## PROBLEM TO WORK ON
Here are records with pictures in them. Copy all of them exactly and leave the pictures out.

(Spatial localization data)

⁂

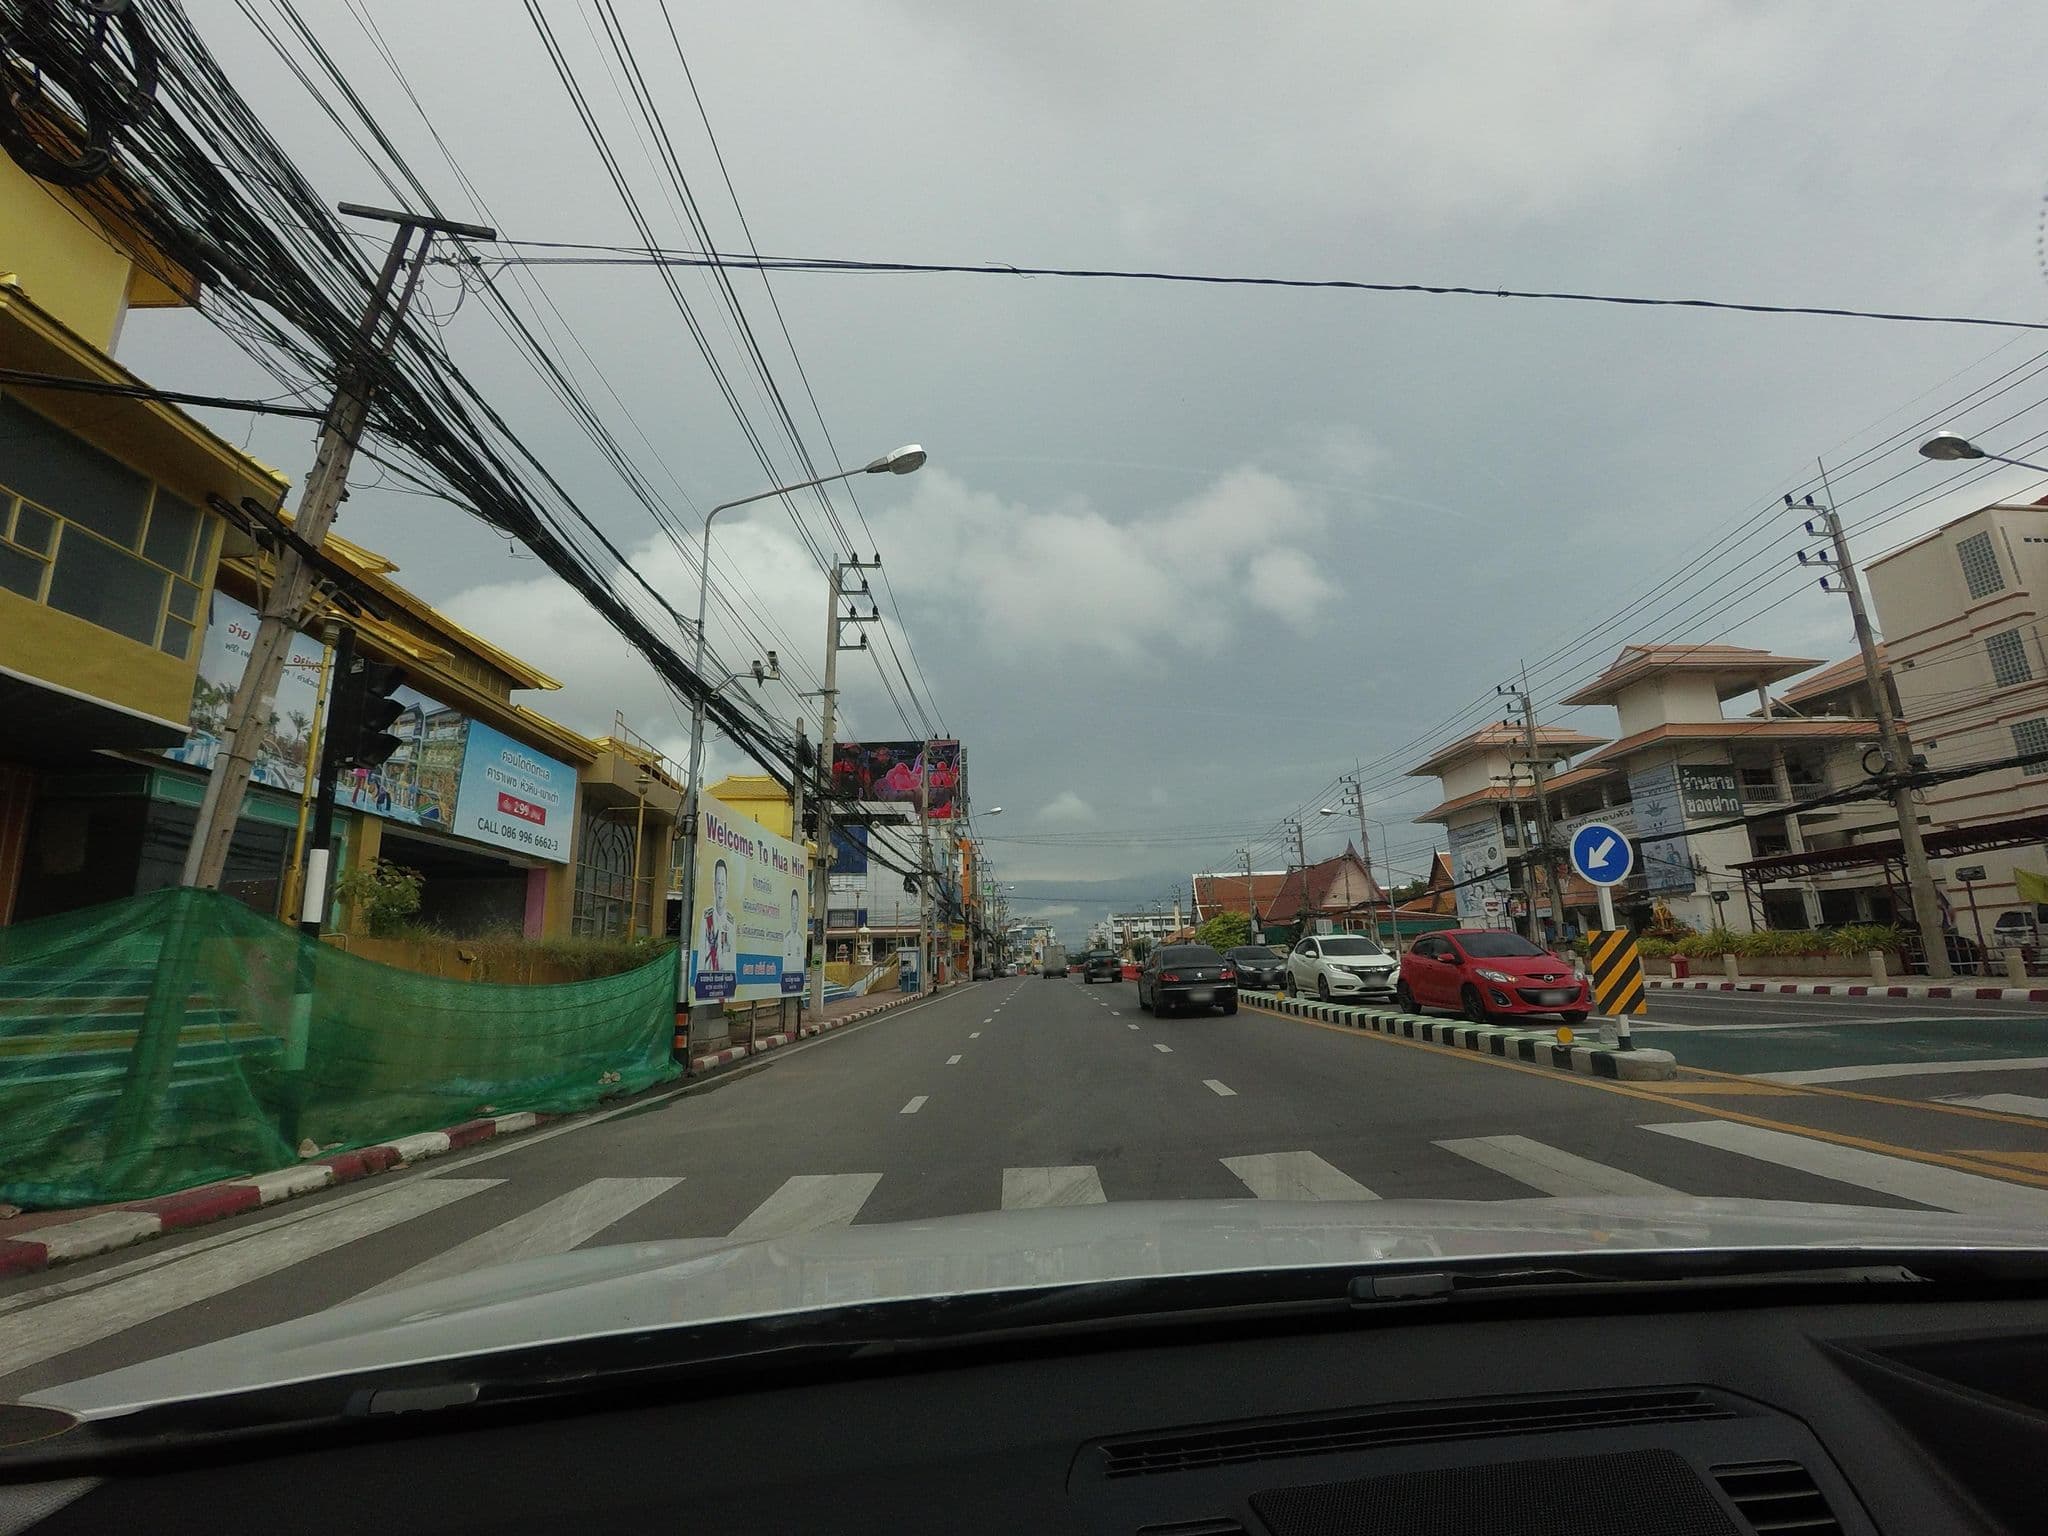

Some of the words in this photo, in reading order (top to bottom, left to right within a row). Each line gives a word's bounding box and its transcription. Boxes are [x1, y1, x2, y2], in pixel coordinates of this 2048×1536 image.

[502, 751, 550, 780] คอนโดติดทะเล
[1682, 769, 1735, 791] ร้านขาย
[1687, 796, 1740, 813] ของฝาก
[477, 817, 498, 834] CALL
[501, 824, 517, 839] 086
[519, 830, 532, 845] 996
[534, 835, 559, 851] 6662-3
[706, 812, 754, 858] Welcome
[757, 840, 769, 863] To
[771, 847, 788, 872] Hua
[791, 856, 805, 878] Hin
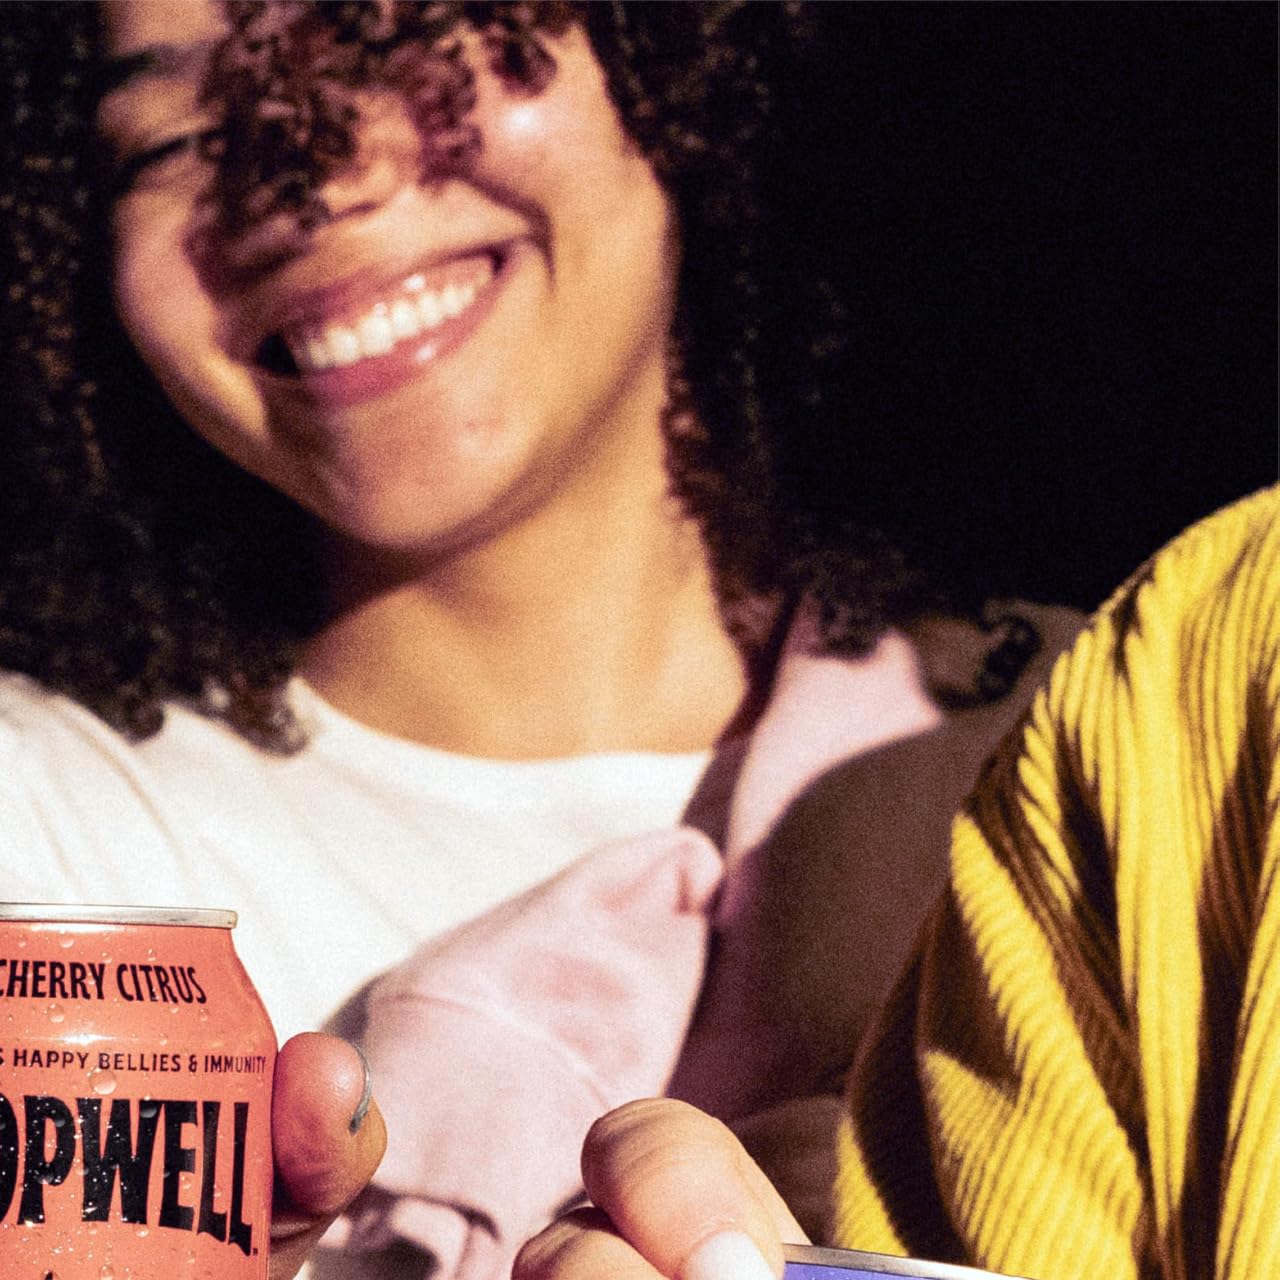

⁂

## WRITTEN ANSWER
Some of the words in this photo, in reading order (top to bottom, left to right within a row). Each line gives a word's bounding box and its transcription. Boxes are [x1, y1, x2, y2], in pixel coordinates of this 2048×1536 image.

[502, 751, 550, 780] คอนโดติดทะเล
[1682, 769, 1735, 791] ร้านขาย
[1687, 796, 1740, 813] ของฝาก
[477, 817, 498, 834] CALL
[501, 824, 517, 839] 086
[519, 830, 532, 845] 996
[534, 835, 559, 851] 6662-3
[706, 812, 754, 858] Welcome
[757, 840, 769, 863] To
[771, 847, 788, 872] Hua
[791, 856, 805, 878] Hin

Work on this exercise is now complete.